Pur essendo le analisi del sangue un esame semplice
e soddisfacente, soprattutto per il paziente, il quale ha i suoi
risultati con dei tempi tutto sommato rapidi (fatta eccezione per
la ricerca di alcuni parametri più sofisticati), non ci si
può tuttavia scordare che dopo il semplice prelievo, quella
provetta di sangue verrà sottoposta a tutta una serie di
analisi chimiche grazie a dei macchinari che lavorano con estrema
precisione nella ricerca di molecole biochimiche per loro natura
molto sensibili.
Ecco perché è indispensabile seguire alcuni consigli
che riguardano la
dieta e l'
esercizio fisico.
Per quanto riguarda l'alimentazione, bisogna mangiare come sempre,
poichéuna riduzione drastica dell'apporto calorico la sera
prima delle analisi del sangue potrebbe alterare alcuni parametri
causando una diminuzione del volume plasmatici, cioè della
parte liquida del sangue, di circa il 30% e un aumento della creatinina
plasmatica. Anche un
eccesso di cibo e di nutrienti
particolari (come un eccesso di grassi o di zuccheri) potrebbe portare
a dei valori alterati artificiosamente.
Normalmente
le analisi del sangue si effettuano a digiuno
(8-10 ore dal pasto serale), bisogna quindi non assumere
nulla la mattina, se non un sorso d'acqua, ovviamente non zuccherata,
lo zucchero potrebbe infatti alterare il valore glicemico, facendo
sospettare erroneamente un pre-diabete. Bisogna inoltre evitare
il caffé (e il thè) in quanto, stimolando la secrezione
di ormoni che regolano l'attività della lipasi, potrebbe
causare un aumento dei
trigliceridi
nel sangue.
Per quanto riguarda
l'esercizio fisico intenso e prolungato,
è bene che esso venga evitato almeno il giorno prima del
prelievo di sangue, soprattutto nel caso in cui tra le analisi si
voglia analizzare l'enzima muscolare creatina chinasi (CK), il cui
valore risulterebbe aumentato di circa il 40%.
Infine, se si assumono
farmaci, di qualunque tipo
(anche un antinfiammatorio come l'aspirina o il paracetamolo) è
bene specificarlo perché potrebbero interferire con il risultato
di alcuni esami.
Dalle
analisi del sangue possiamo
avere un
quadro riassuntivo e superficiale del
nostro stato di salute, in particolare del midollo osseo (emocromo),
del
fegato (
transaminasi,
fosfatasi alcalina, gamma-GT, bilirubina), del
rene
(creatina, azotemia), del
metabolismo (glicemia,
colesterolo, trigliceridi, proteina C reattiva, ormoni tiroidei,
calcio, paratormone, etc.).
Inoltre nel sangue si possono ricercare i
markers tumorali,
cioè specifici
indicatori biologici che
ci fanno sospettare la presenza di un tumore, come il PSA per il
carcinoma alla prostata.

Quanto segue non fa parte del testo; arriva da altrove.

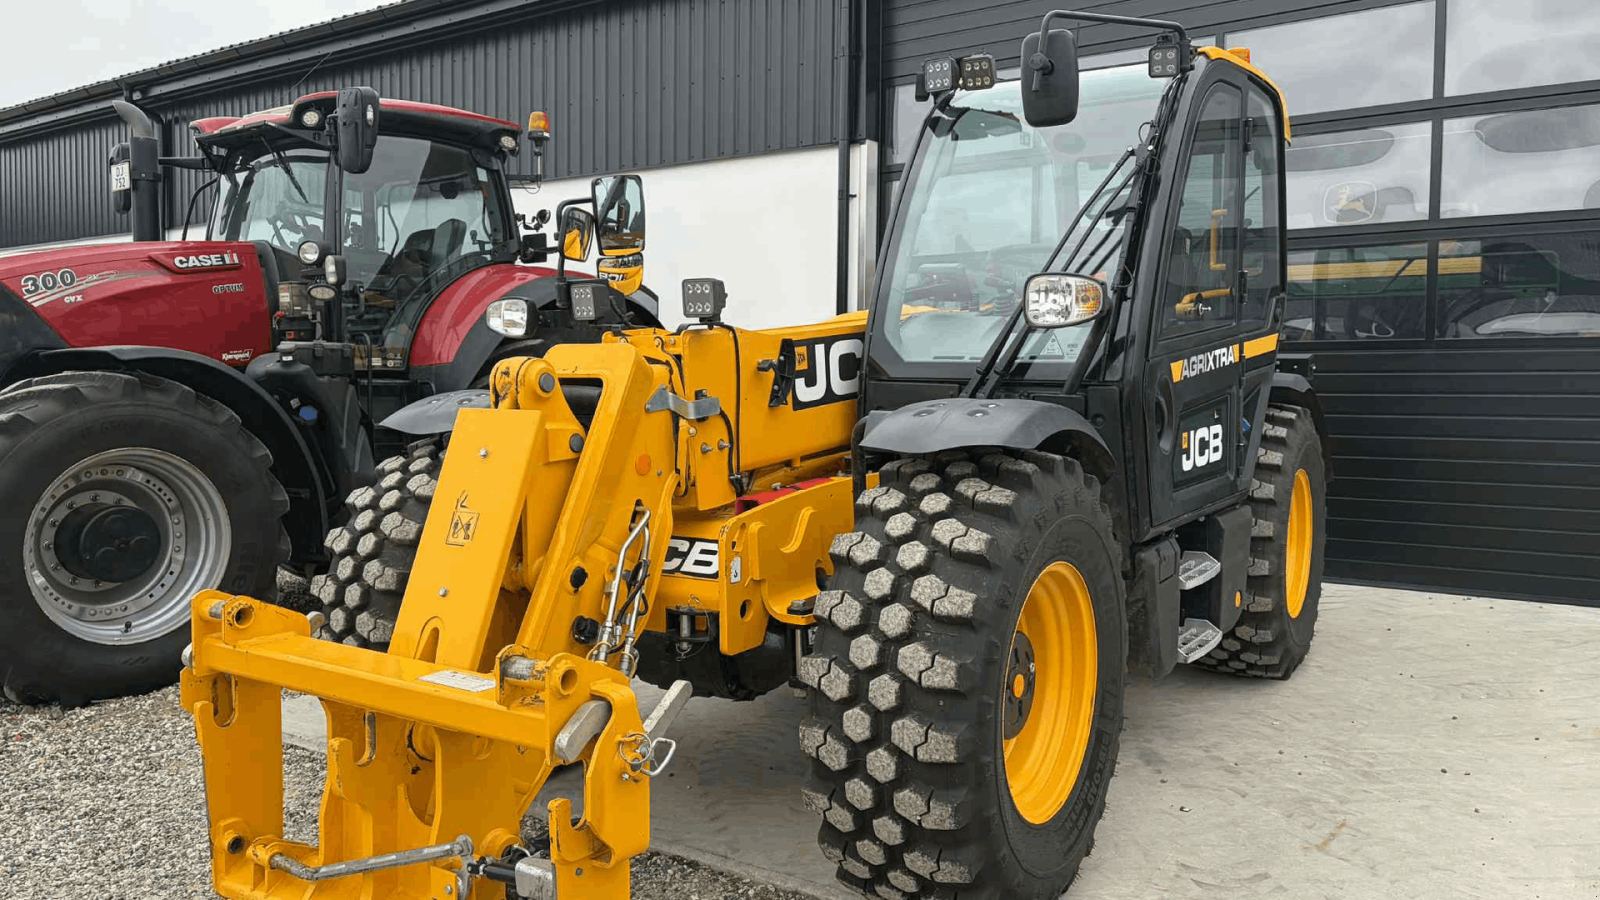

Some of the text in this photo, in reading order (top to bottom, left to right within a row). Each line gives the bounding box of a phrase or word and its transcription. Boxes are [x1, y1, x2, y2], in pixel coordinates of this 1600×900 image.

In realtà, la maggior maggior parte
dei marcatori tumorali andrebbero usati solo in fase di conferma
diagnostica e di monitoraggio della malattia, per ridurre al minimo
la possibilità dei falsi positivi con relative angosce ingiustificate.
Insieme al
valore dell'esame del sangue,
ogni laboratorio di analisi indica un
intervallo di normalità,
ottenuto da medie sulla popolazione. Ogni laboratorio utilizza dati
propri, che in linea di massima sono allineati agli altri ma possono
essere leggermente diversi. Gli scostamenti possono dipendere anche
dalle metodiche utilizzate nei rilevamenti.
Scostamenti piccoli dalla normalità non hanno quasi significato
clinico e non devono essere fonte di preoccupazione.
Inoltre, bisogna sempre valutare lo scostamento percentuale dell'analisi:
se il valore di un esame è 15 e deve essere 5, lo scostamento
è del 200% mentre se il valore è 300 e quello normale
200, lo è solo del 50% ma può fare più paura
perché in valore assoluto lo scostamento è più
elevato.
In alcuni casi i parametri non hanno un significato preciso da soli,
ma vanno integrati con altri parametri, come nel caso del
colesterolo
totale e quello HDL che vanno sempre valutati insieme per definire
l'indice di rischio cardiovascolare.